TASK BRIEF:
The output has to be the full set of records, reproduced exactly, minus any picture.

GIVEN RECORDS:
------------------------------------------------------------
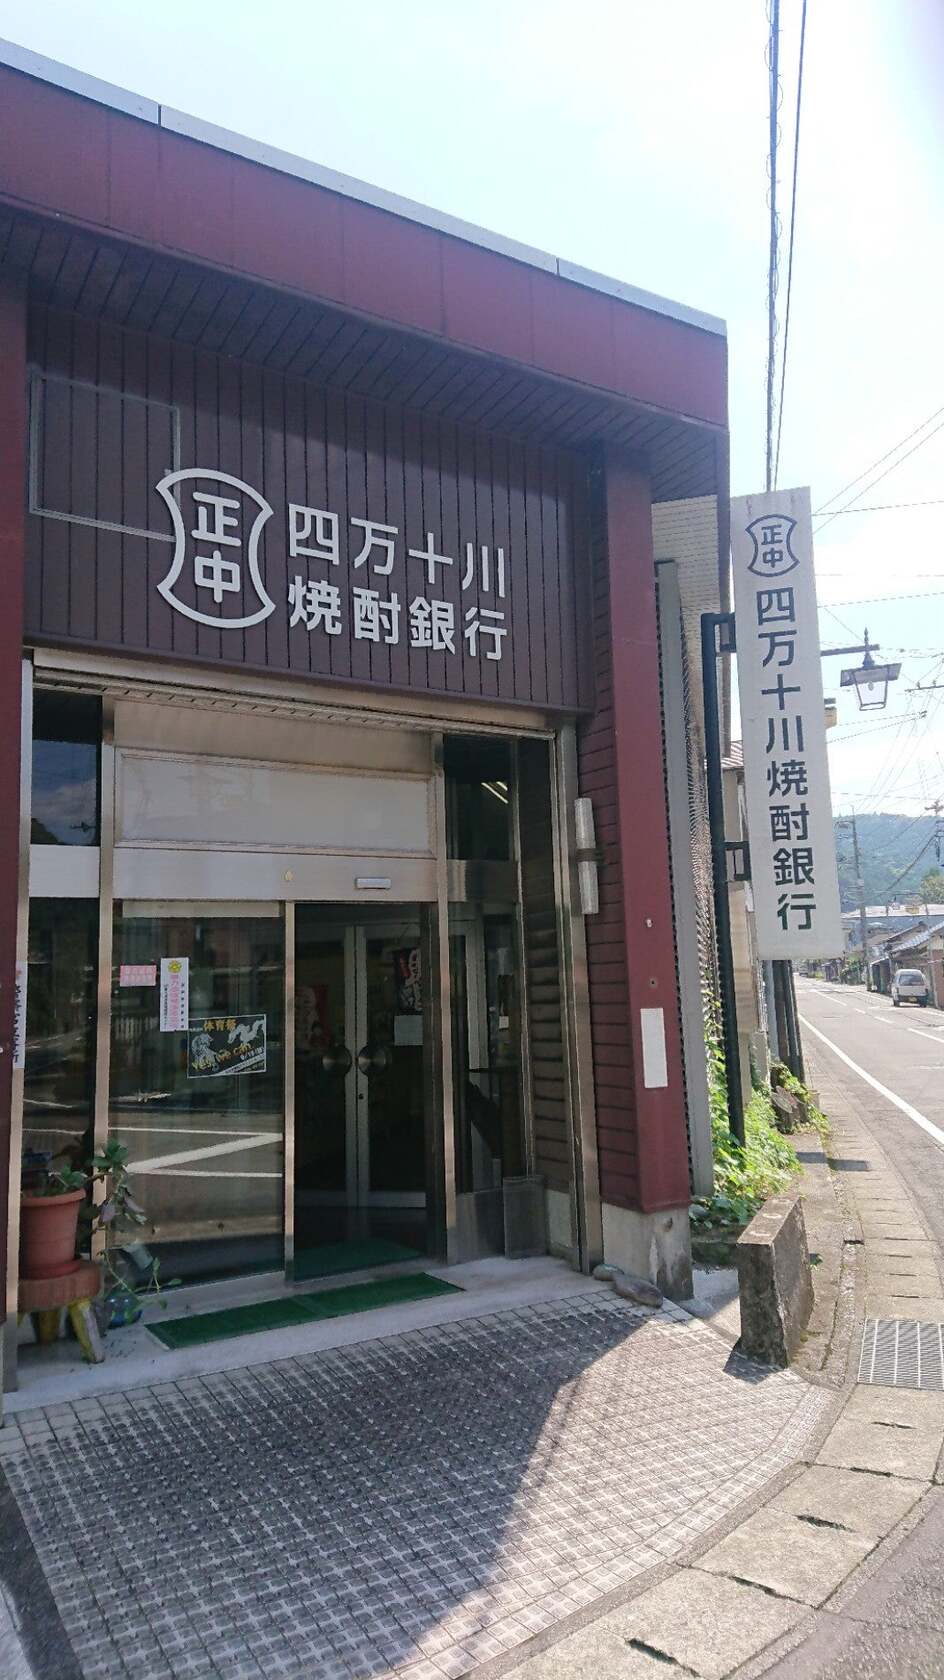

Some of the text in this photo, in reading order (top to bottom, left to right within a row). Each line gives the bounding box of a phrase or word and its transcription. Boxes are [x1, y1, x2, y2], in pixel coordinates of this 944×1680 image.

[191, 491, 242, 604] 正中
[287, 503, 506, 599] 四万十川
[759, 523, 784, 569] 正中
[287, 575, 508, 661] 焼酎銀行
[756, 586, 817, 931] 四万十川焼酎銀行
------------------------------------------------------------
EXERCISE RESPONSE:
Some of the text in this photo, in reading order (top to bottom, left to right within a row). Each line gives the bounding box of a phrase or word and its transcription. Boxes are [x1, y1, x2, y2], in pixel coordinates of this 944×1680 image.

[191, 491, 242, 604] 正中
[287, 503, 506, 599] 四万十川
[759, 523, 784, 569] 正中
[287, 575, 508, 661] 焼酎銀行
[756, 586, 817, 931] 四万十川焼酎銀行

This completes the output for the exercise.